I ricercatori del MIT stanno studiando le increspature nella sabbia che potrebbero rilevare molto più di quel che crediamo.
In caso di bassa marea, la porzione di sabbia temporaneamente esposta può rivelare numerose increspature. A conti fatti, però, queste ultime possono anche essere viste come il riflesso di antichi fondali, ormai pietrificati, conservati sott’acqua per migliaia o persino miliardi di anni. I geologi, dunque, hanno esaminato con grande attenzione le increspature per scovare indizi sulle condizioni ambientali in cui si sono formate, scoprendo che la spaziatura fra di esse è direttamente proporzionale alla profondità del fondale e alla dimensione delle onde che le hanno modellate.

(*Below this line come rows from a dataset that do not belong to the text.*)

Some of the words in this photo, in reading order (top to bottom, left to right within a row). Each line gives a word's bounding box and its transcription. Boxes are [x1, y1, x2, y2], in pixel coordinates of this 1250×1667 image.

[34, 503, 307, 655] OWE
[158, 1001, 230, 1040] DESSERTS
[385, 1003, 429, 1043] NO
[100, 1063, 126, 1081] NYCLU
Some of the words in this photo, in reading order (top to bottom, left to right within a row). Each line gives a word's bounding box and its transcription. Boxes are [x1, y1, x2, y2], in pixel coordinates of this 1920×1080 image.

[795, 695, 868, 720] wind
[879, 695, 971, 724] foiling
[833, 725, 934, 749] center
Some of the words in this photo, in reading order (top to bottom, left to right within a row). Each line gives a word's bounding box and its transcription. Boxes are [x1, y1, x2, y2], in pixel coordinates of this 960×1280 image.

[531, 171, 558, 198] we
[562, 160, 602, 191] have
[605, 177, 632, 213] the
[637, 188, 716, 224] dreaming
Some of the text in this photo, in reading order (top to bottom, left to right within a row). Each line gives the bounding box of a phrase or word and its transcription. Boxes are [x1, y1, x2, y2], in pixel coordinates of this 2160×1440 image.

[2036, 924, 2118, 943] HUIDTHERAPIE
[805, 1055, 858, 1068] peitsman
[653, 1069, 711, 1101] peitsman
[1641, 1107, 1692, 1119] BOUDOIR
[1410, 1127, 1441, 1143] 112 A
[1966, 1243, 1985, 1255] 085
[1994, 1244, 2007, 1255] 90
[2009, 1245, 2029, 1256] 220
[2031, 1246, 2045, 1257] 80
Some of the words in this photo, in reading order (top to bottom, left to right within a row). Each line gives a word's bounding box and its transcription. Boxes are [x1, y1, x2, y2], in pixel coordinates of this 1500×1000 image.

Capita anche, però, che le increspature di sabbia non siano perfettamente parallele e formino strane figure, come nodi o spirali. Questi difetti apparentemente casuali possono dirci qualcosa in più sul passato del nostro pianeta? La risposta, secondo i ricercatori del MIT, è affermativa. Il team che ha studiato i fondali ha capito, infatti, che è possibile stilare una sorta di legenda: se le increspature ricordano una clessidra, oppure hanno una forma a zigzag, significa che il fondale è stato modellato durante forti tempeste o cambiamenti significativi nei flussi di marea.
“Le increspature suggeriscono quanto fossero drammatici i cambiamenti delle condizioni meteorologiche in quel dato momento", afferma Taylor Perron, professore associato di geologia e capo associato del Dipartimento di Terra, Scienze atmosferiche e planetarie del MIT (EAPS). “Ci troviamo di fronte a vere e proprie impronte digitali del passato, da cui possiamo dedurre non solo quali fossero le condizioni metereologiche dell’epoca, ma anche in che modo sarebbero cambiate”.
La squadra del MIT è al lavoro sui fondali marini da diverso tempo. Per prima cosa, si sono chiesti come abbiano fatto delle caratteristiche così volubili a conservarsi per milioni di anni. Perron ha capito quasi immediatamente che, se il livello dell'acqua si abbassa improvvisamente, le increspature vengono esposte al vento. In questo modo, prima si asciugano e poi si induriscono, facendo sì che i sedimenti rimangano intatti nei secoli. "Ma la cosa più interessante", conclude Perron, “sarebbe trovare increspature del genere su un pianeta come Marte. Ad oggi sapremmo come leggerle e scopriremmo molte cose che ancora non sappiamo”. Succederà davvero? Staremo a vedere.